** Task instructions **
In the copy, keep every record exact and leave out all images.

[Images for object localization]
= = = = =
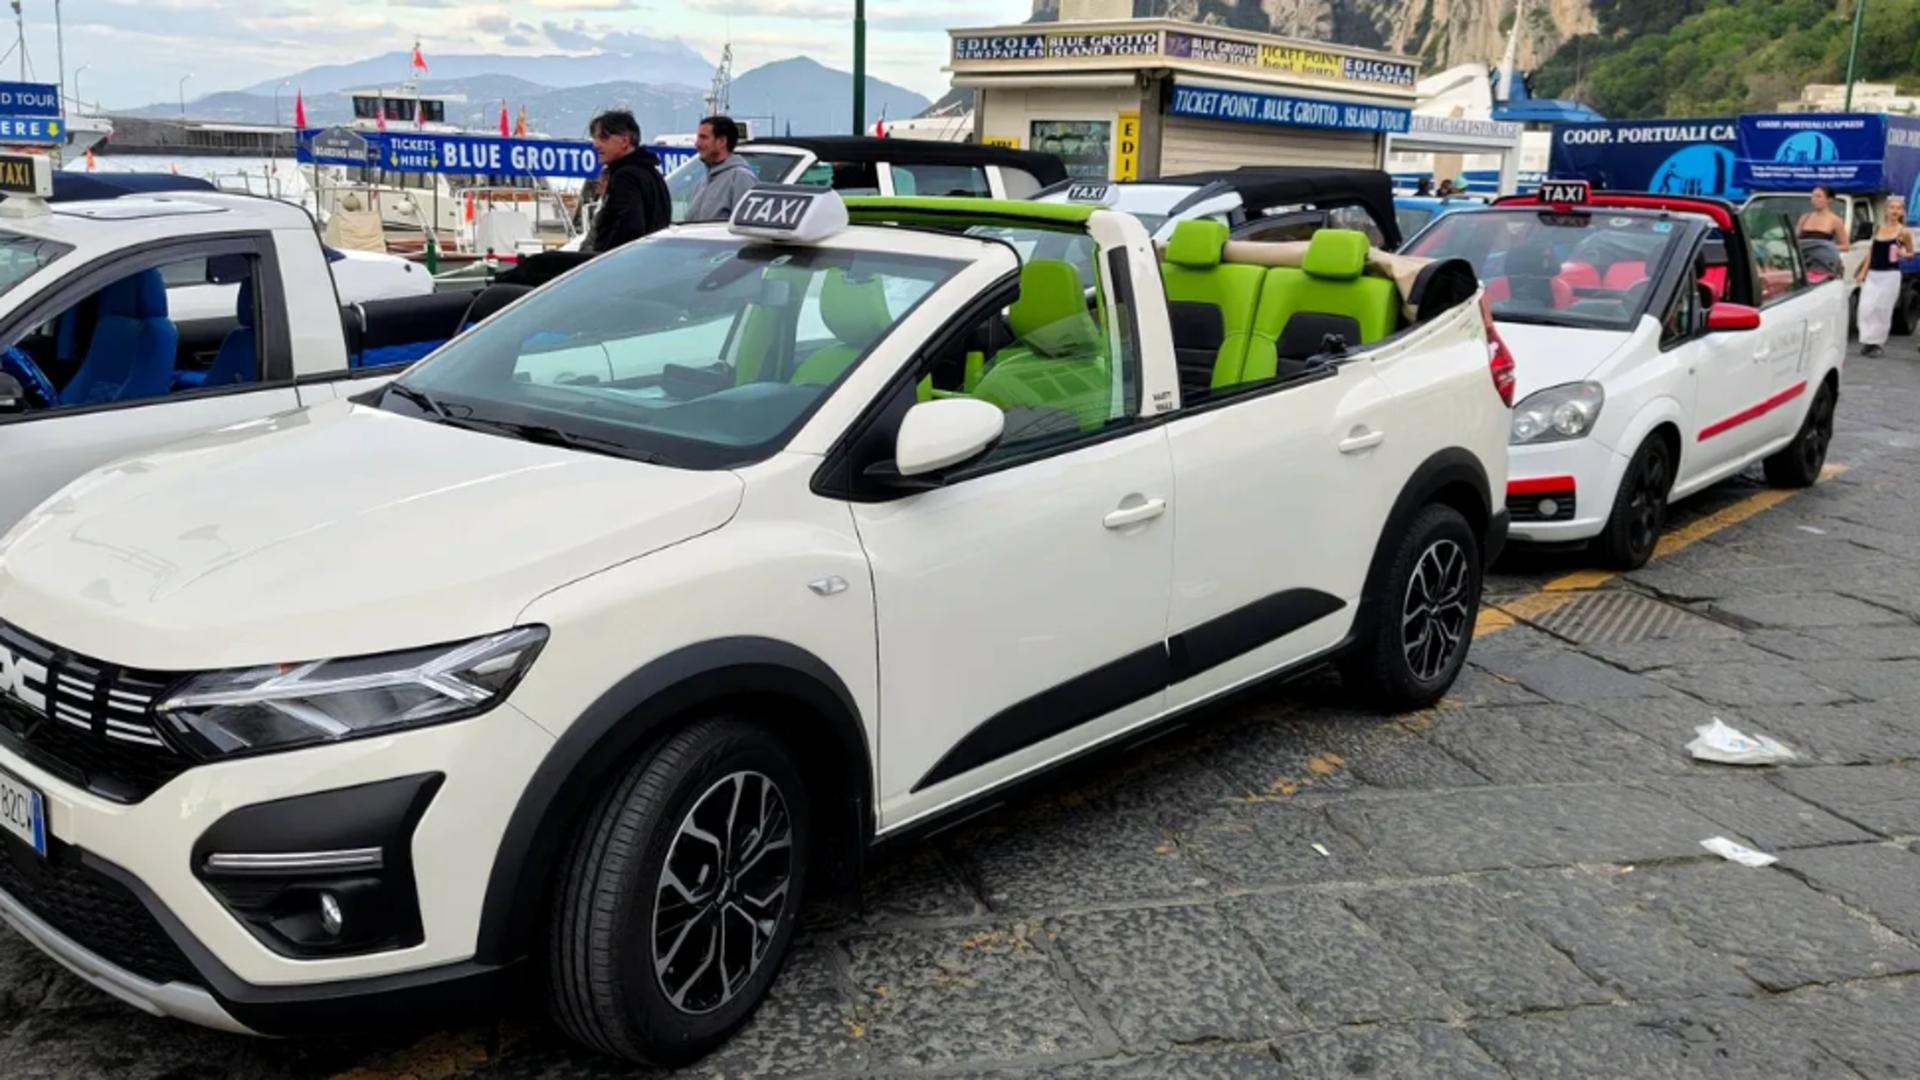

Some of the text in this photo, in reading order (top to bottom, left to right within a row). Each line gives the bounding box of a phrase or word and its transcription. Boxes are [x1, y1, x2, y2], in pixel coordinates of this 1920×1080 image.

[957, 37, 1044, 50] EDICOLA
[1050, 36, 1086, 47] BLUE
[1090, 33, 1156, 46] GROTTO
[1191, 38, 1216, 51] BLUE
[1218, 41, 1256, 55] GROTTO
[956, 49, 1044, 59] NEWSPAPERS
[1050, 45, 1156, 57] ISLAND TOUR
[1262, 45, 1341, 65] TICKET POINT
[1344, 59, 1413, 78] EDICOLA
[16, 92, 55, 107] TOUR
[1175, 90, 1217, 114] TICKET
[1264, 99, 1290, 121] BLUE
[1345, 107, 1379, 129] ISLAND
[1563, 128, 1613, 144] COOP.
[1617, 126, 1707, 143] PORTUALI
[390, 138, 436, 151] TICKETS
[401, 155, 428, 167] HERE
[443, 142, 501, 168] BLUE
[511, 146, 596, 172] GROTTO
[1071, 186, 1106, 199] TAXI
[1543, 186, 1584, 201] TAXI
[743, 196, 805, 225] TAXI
= = = = =
** Exercise output **
Some of the text in this photo, in reading order (top to bottom, left to right within a row). Each line gives the bounding box of a phrase or word and its transcription. Boxes are [x1, y1, x2, y2], in pixel coordinates of this 1920×1080 image.

[957, 37, 1044, 50] EDICOLA
[1050, 36, 1086, 47] BLUE
[1090, 33, 1156, 46] GROTTO
[1191, 38, 1216, 51] BLUE
[1218, 41, 1256, 55] GROTTO
[956, 49, 1044, 59] NEWSPAPERS
[1050, 45, 1156, 57] ISLAND TOUR
[1262, 45, 1341, 65] TICKET POINT
[1344, 59, 1413, 78] EDICOLA
[16, 92, 55, 107] TOUR
[1175, 90, 1217, 114] TICKET
[1264, 99, 1290, 121] BLUE
[1345, 107, 1379, 129] ISLAND
[1563, 128, 1613, 144] COOP.
[1617, 126, 1707, 143] PORTUALI
[390, 138, 436, 151] TICKETS
[401, 155, 428, 167] HERE
[443, 142, 501, 168] BLUE
[511, 146, 596, 172] GROTTO
[1071, 186, 1106, 199] TAXI
[1543, 186, 1584, 201] TAXI
[743, 196, 805, 225] TAXI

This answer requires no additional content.